▶ What is being asked
Repeat the records below exactly. Omit the pictures.

▶ Data for the task
+ + + + + + +

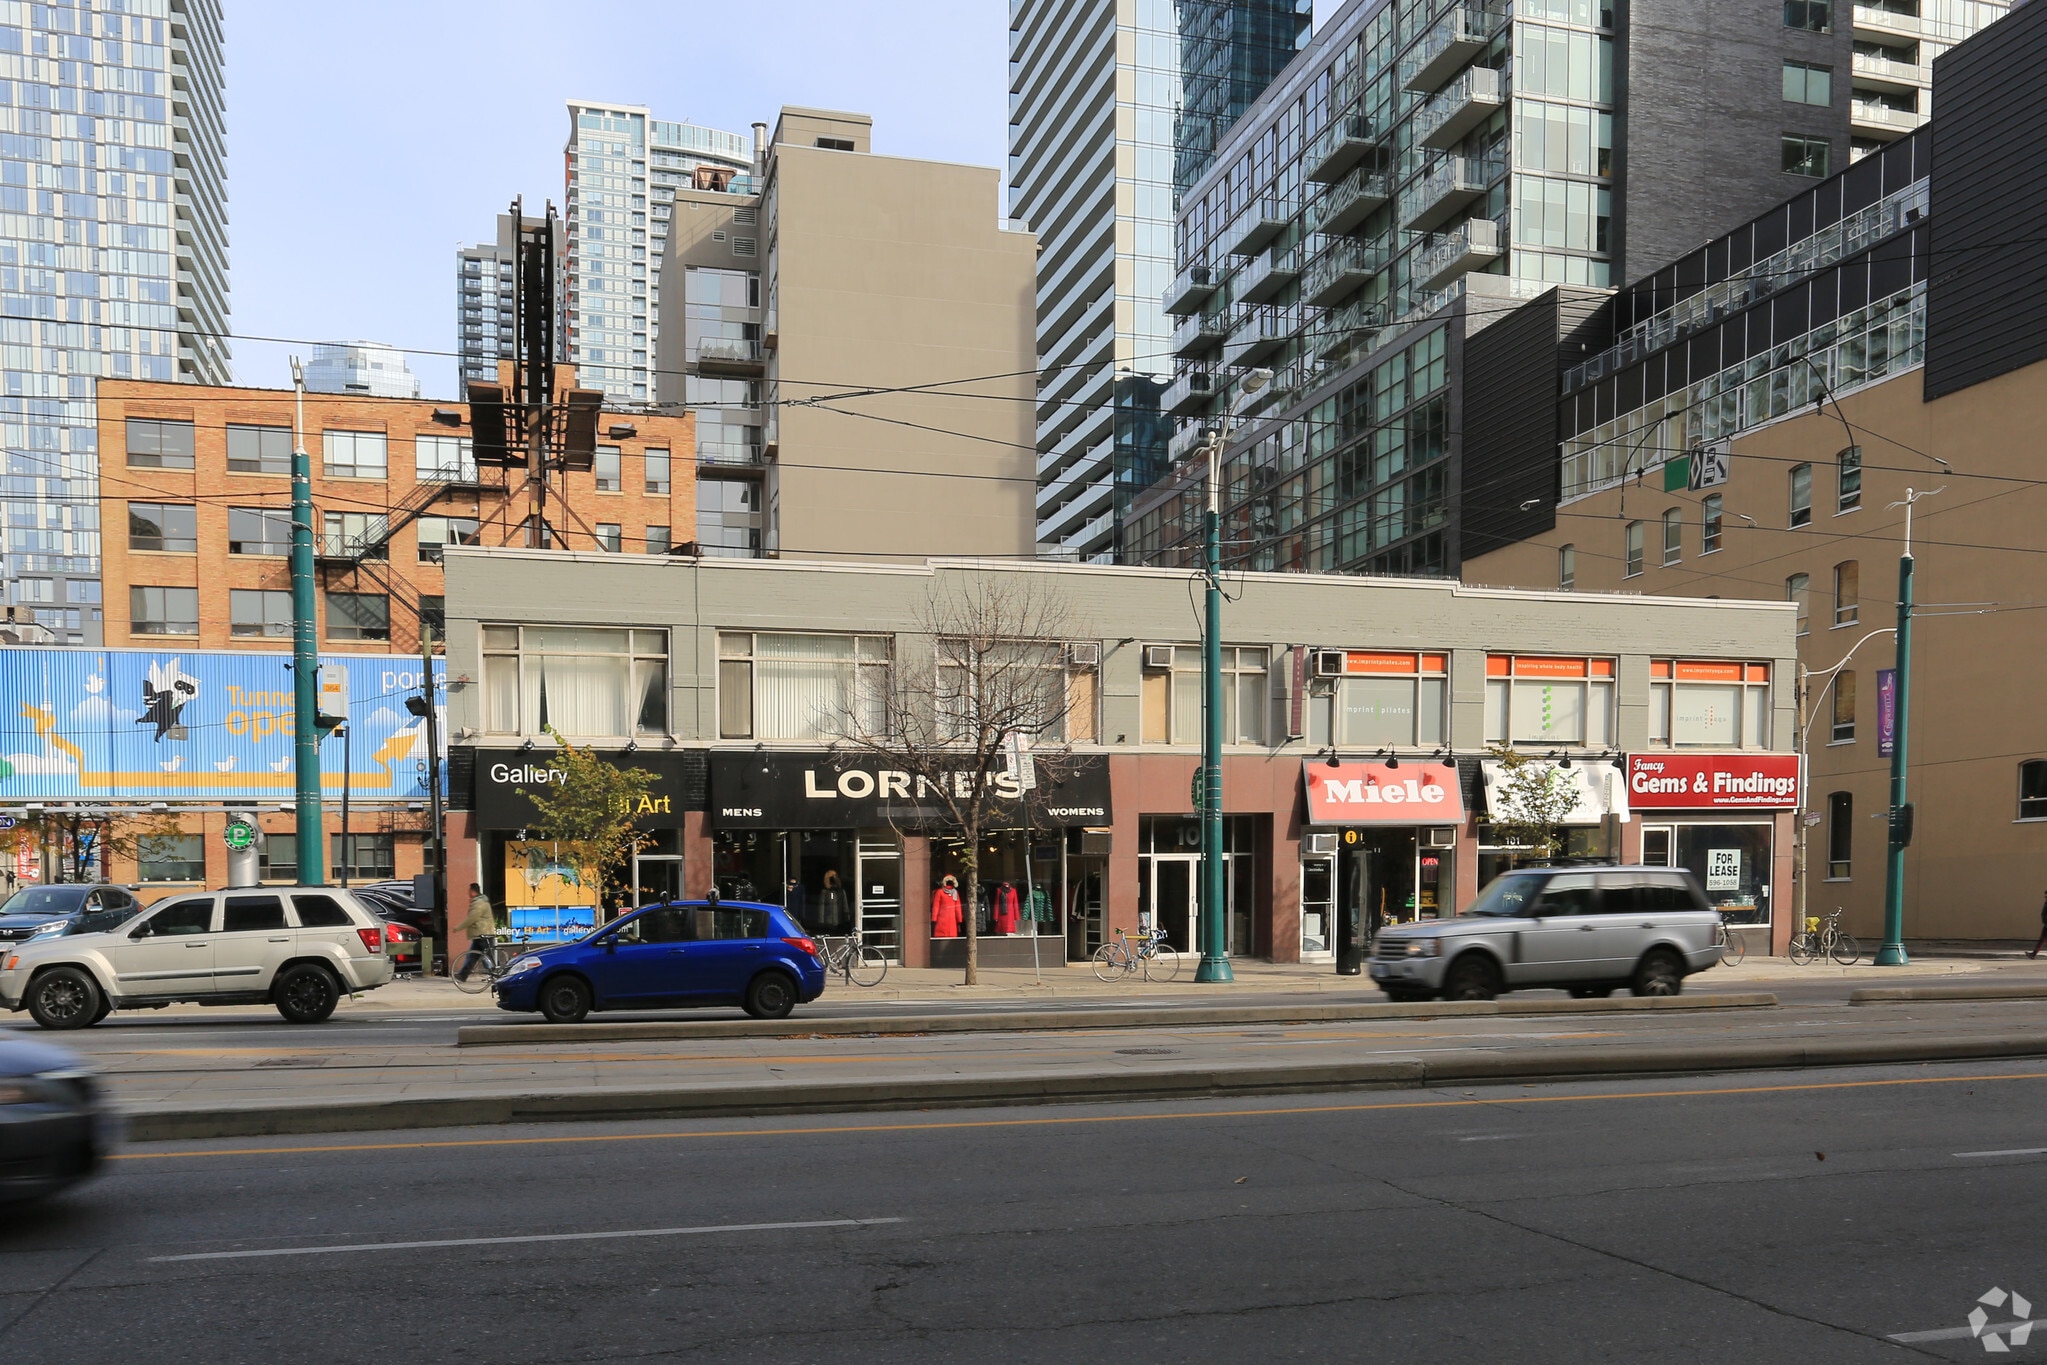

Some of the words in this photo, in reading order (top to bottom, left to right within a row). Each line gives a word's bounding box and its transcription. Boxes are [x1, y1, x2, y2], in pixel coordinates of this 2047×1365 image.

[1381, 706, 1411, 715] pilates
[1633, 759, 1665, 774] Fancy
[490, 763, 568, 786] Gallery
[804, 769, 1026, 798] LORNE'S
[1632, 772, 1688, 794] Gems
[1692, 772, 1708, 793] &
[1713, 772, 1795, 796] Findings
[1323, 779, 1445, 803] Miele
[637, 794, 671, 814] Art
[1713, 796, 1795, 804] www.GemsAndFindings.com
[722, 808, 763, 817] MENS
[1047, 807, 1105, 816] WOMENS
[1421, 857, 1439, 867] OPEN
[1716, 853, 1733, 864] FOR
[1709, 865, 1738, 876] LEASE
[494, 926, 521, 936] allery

+ + + + + + +

▶ Result below
Some of the words in this photo, in reading order (top to bottom, left to right within a row). Each line gives a word's bounding box and its transcription. Boxes are [x1, y1, x2, y2], in pixel coordinates of this 2047×1365 image.

[1381, 706, 1411, 715] pilates
[1633, 759, 1665, 774] Fancy
[490, 763, 568, 786] Gallery
[804, 769, 1026, 798] LORNE'S
[1632, 772, 1688, 794] Gems
[1692, 772, 1708, 793] &
[1713, 772, 1795, 796] Findings
[1323, 779, 1445, 803] Miele
[637, 794, 671, 814] Art
[1713, 796, 1795, 804] www.GemsAndFindings.com
[722, 808, 763, 817] MENS
[1047, 807, 1105, 816] WOMENS
[1421, 857, 1439, 867] OPEN
[1716, 853, 1733, 864] FOR
[1709, 865, 1738, 876] LEASE
[494, 926, 521, 936] allery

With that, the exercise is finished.